Another important factor is the precision of your volume measuring gear since errors add up as you continue the preparation. If you can measure the volume of your reservoir with a precision of +/- 1L the you need to prepare at least 100L such that the error you get from the measurement of your nutrient solution’s volume is not greater than 1%, however if you are preparing a concentrated nutrient solution (for 10L for example) you will need to use a more precise method of measuring volume, an instrument with a precision of at least +/- 0.1L. If you are uncertain of what the precision of your volume instruments are then you need to look at their graduation, the precision of a volume measuring instrument can usually be approximated to half its finest graduation. If you are measuring volume -for a concentrate solution for example – with a cup that has a line every 100mL then your precision is +/- 50mL (or +/- 0.05L).

The above picture shows you where you can change the precision of the instruments used within HydroBuddy so that the program can calculate the error caused by your instruments in your preparation. Some people may have noted that when calculating “direct additions” there is no instrumental error while when calculating concentrated solutions there is, this is associated with the precision in volume since when straight additions are made the amount of volume that needs to be measured is MUCH higher while for concentrated solutions a much more precise volume instrument is required (depending on solution volume) since the volume is lower.

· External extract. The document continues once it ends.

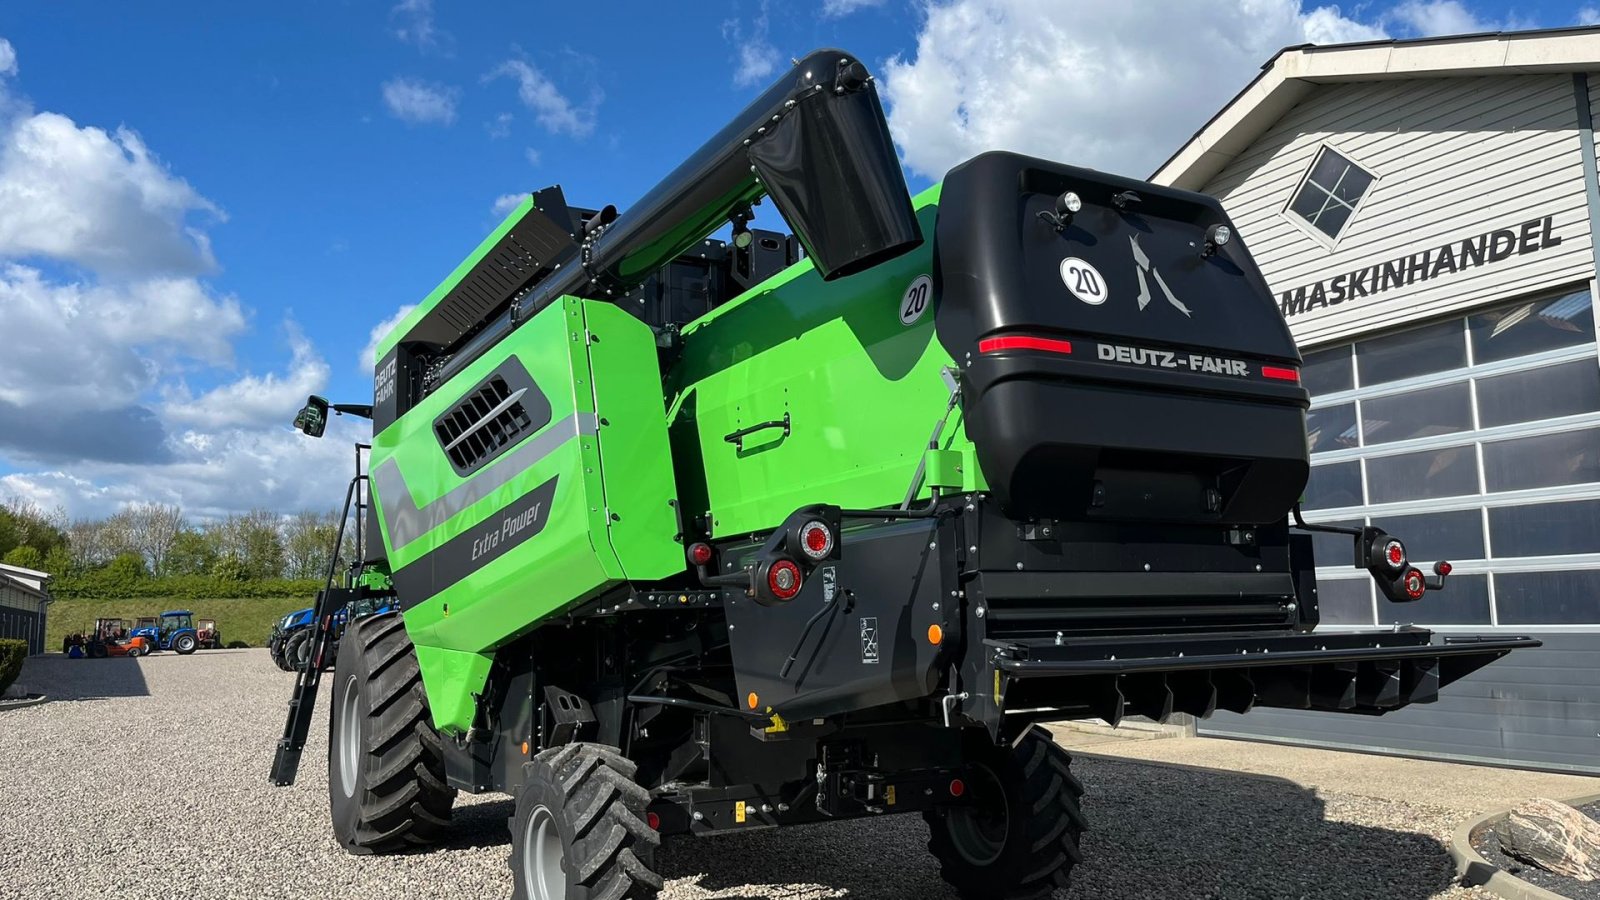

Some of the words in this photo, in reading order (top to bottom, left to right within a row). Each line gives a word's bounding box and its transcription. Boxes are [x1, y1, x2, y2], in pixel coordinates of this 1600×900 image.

If you get very large instrumental errors (for the calculations you are doing) then there are several things you can do to correct them. The first is to prepare large amounts of concentrated solutions since the amount of salts weight will be much larger. Preparing 20L of a concentrated solution with a 1:200 concentration factor will allow most people to weight their salts in a scale with a 0.01g precision while other solutions -such as using the direct addition methodology with concentrated micro and Fe solutions – are also possible. In the end you need to take very good care of instrumental errors and take them into account since they will determine the final accuracy of your nutrient solutions. For macro nutrients the errors shouldn’t be above 0.05% while for micro nutrients such as Mo and Cu, errors as high as 20% can be tolerated since higher precision would require the use of much higher purity salts since these elements are also possibly contained as impurities within other salts (meaning that salt purity becomes a higher factor than instrumental error below 20%).